Но вспомни перед тем, как внутренний сон сплавится с внешним — с Ненастьем-Сном, — перед тем, как стать, помня и не-помня себя — существующим и как бы «не-рожденным», — вспомни «о тех, кто в пути».
И вспомни, вздрогнув, Нерваля: в стуже, на пустынной улице… — Нерваля, стучащегося в дверь ночлежного дома. Не запомнившего, не помнившего — мать…
Сон-Прибежище. Сон-Бегство-от-Яви.
Говоря о связях Поэта с Публикой, с Читателем, мы будем иметь здесь в виду лишь позднейшие времена в определенных пространствах.
И, пользуясь заданностью темы, спросим себя: где, в какой литературе больше всего сна?

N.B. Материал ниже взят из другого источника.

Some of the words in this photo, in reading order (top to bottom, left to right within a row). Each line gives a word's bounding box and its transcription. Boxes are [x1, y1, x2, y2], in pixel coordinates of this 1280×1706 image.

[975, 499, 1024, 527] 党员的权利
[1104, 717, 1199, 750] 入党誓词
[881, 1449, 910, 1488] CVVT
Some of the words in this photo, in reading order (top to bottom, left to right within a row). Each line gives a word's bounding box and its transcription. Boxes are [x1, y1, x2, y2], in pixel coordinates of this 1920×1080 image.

Его много — в «не-ангажированной» поэзии.
Явь — настолько «все», что ей не выделили отдельного Бога, как сну.
Между тем не идет ли речь лишь о разном освещении одного и того же безбрежного Моря — мыслимо-и-не-мыслимо-Существующего?
Бывают периоды — весьма недлительные — когда правда поэта и правда публики совпадают. Это — время публичного действия поэзии. Аудитория переживает то же, о чем заявляется поэтом с эстрады, трибуны. И тогда мы слышим — Маяковского.

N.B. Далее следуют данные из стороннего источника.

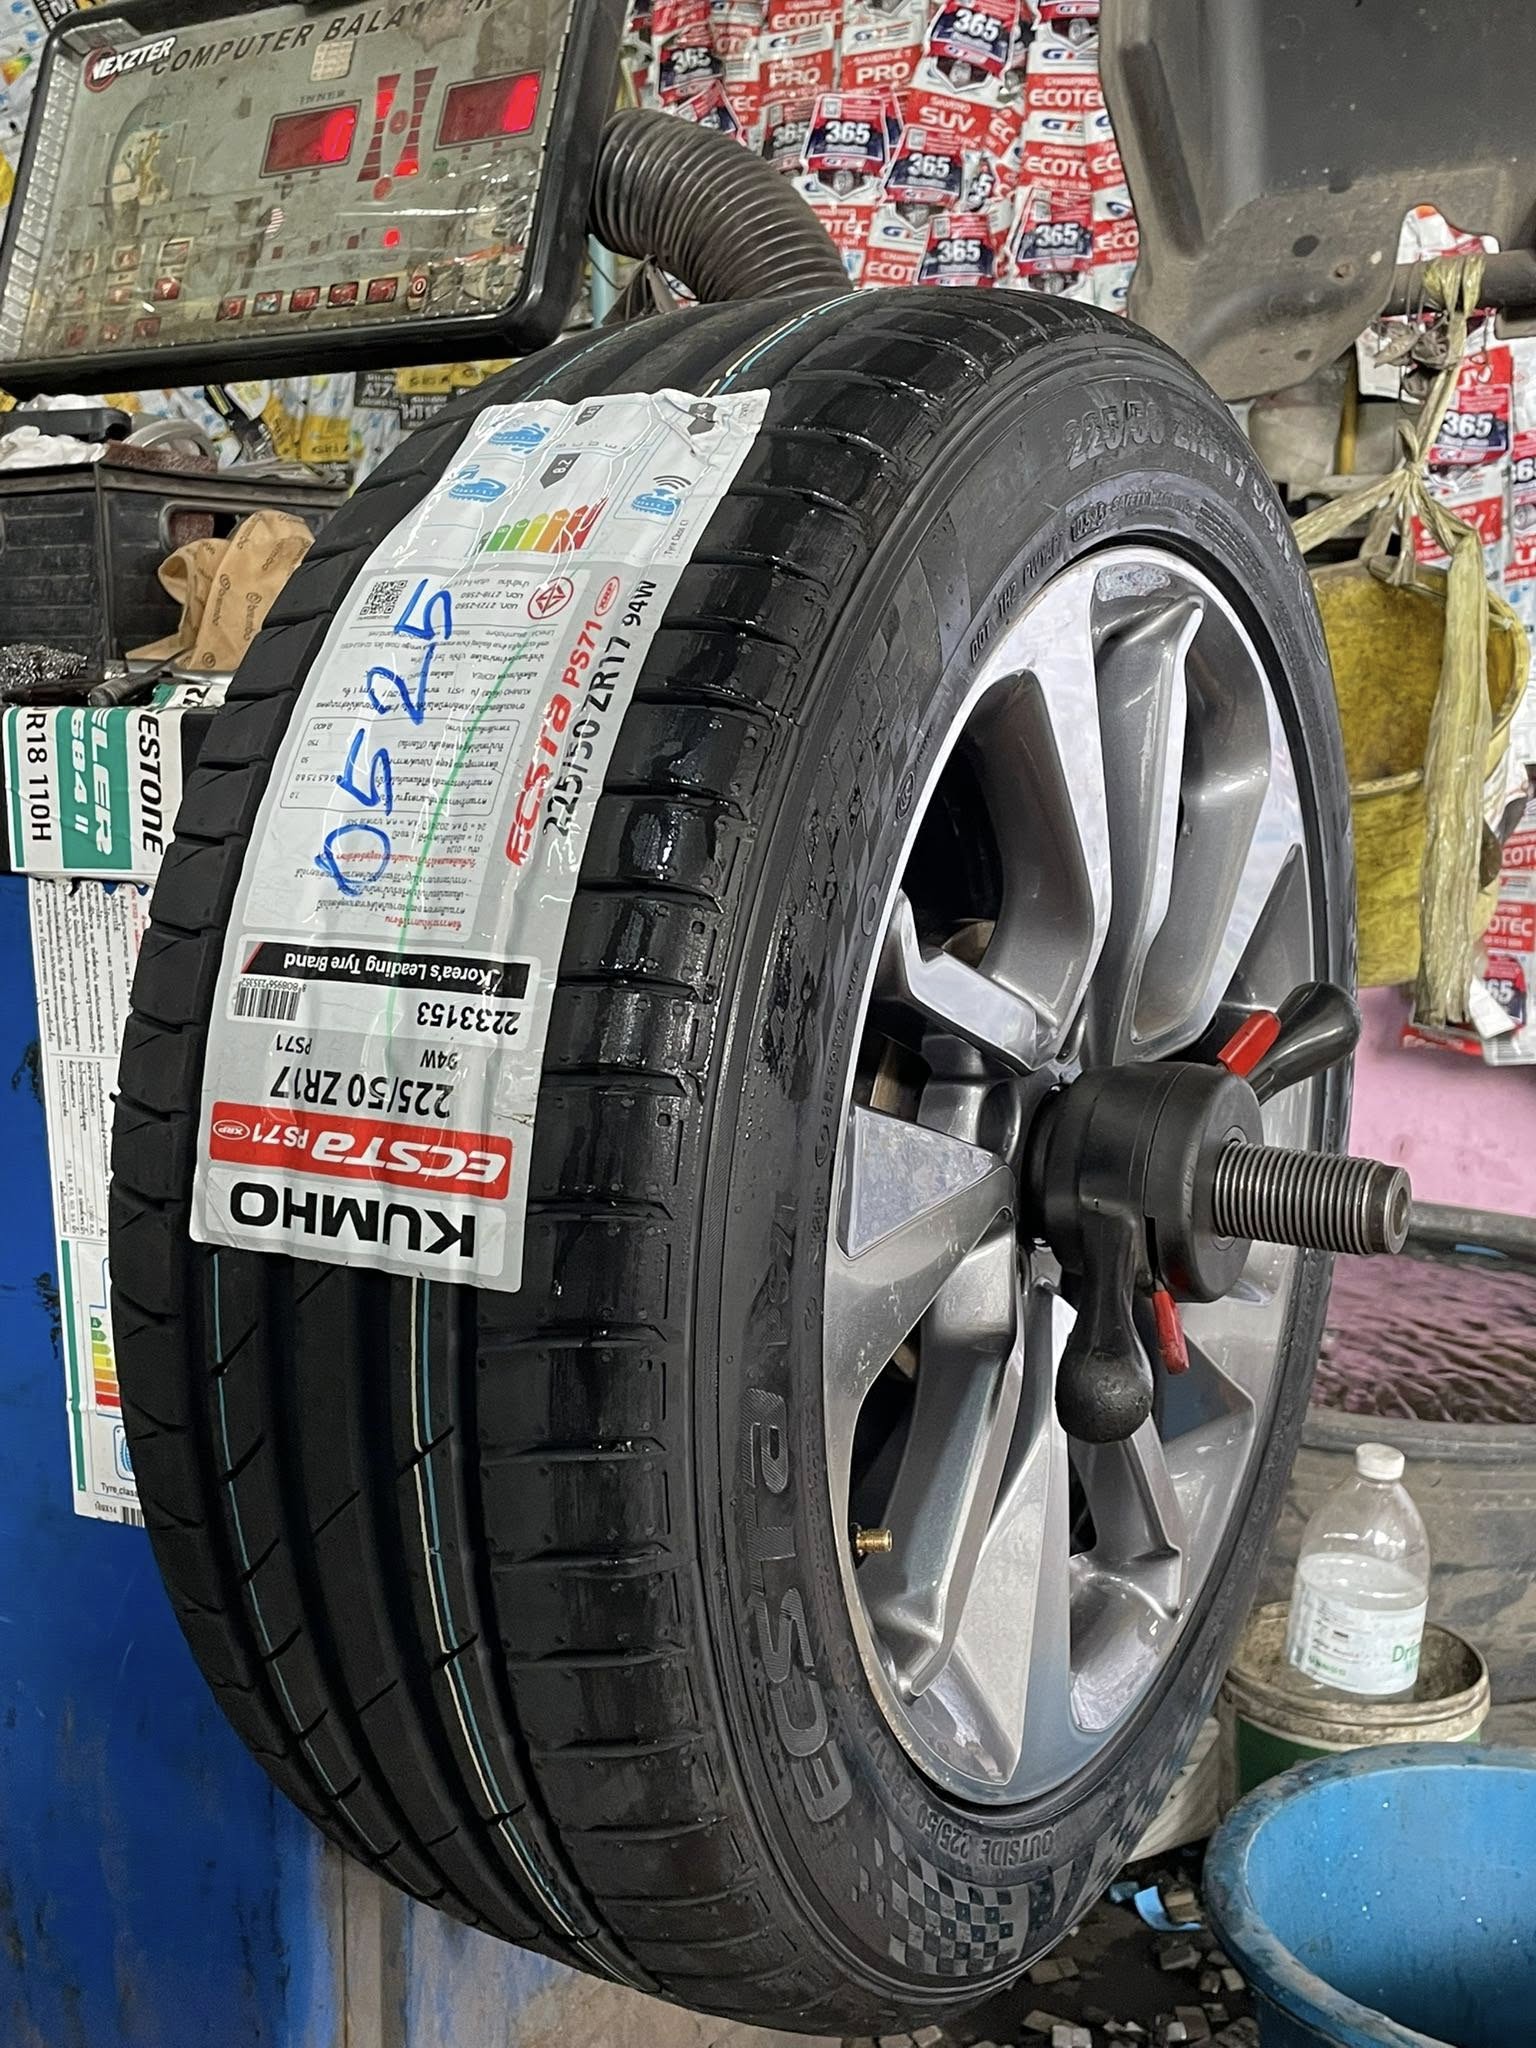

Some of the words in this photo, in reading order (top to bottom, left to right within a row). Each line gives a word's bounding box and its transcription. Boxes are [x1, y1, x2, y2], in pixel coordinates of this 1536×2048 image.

Публичная правда — правда действия. Аудитория хочет действий, поэт призывает к действию. Место ли тут — сну? У футуристов нет сна (бывают лишь сновидения, чаще — зловещие).
Сон-Любовь-к-Себе.
«Безгрешный» сон, казалось бы, возможен на необитаемом острове. Однако мы знаем: Робинзон Крузо, на своем острове, сразу же нашел себе обязанности перед другими живыми существами. Не забудем и о его молитвах к Творцу.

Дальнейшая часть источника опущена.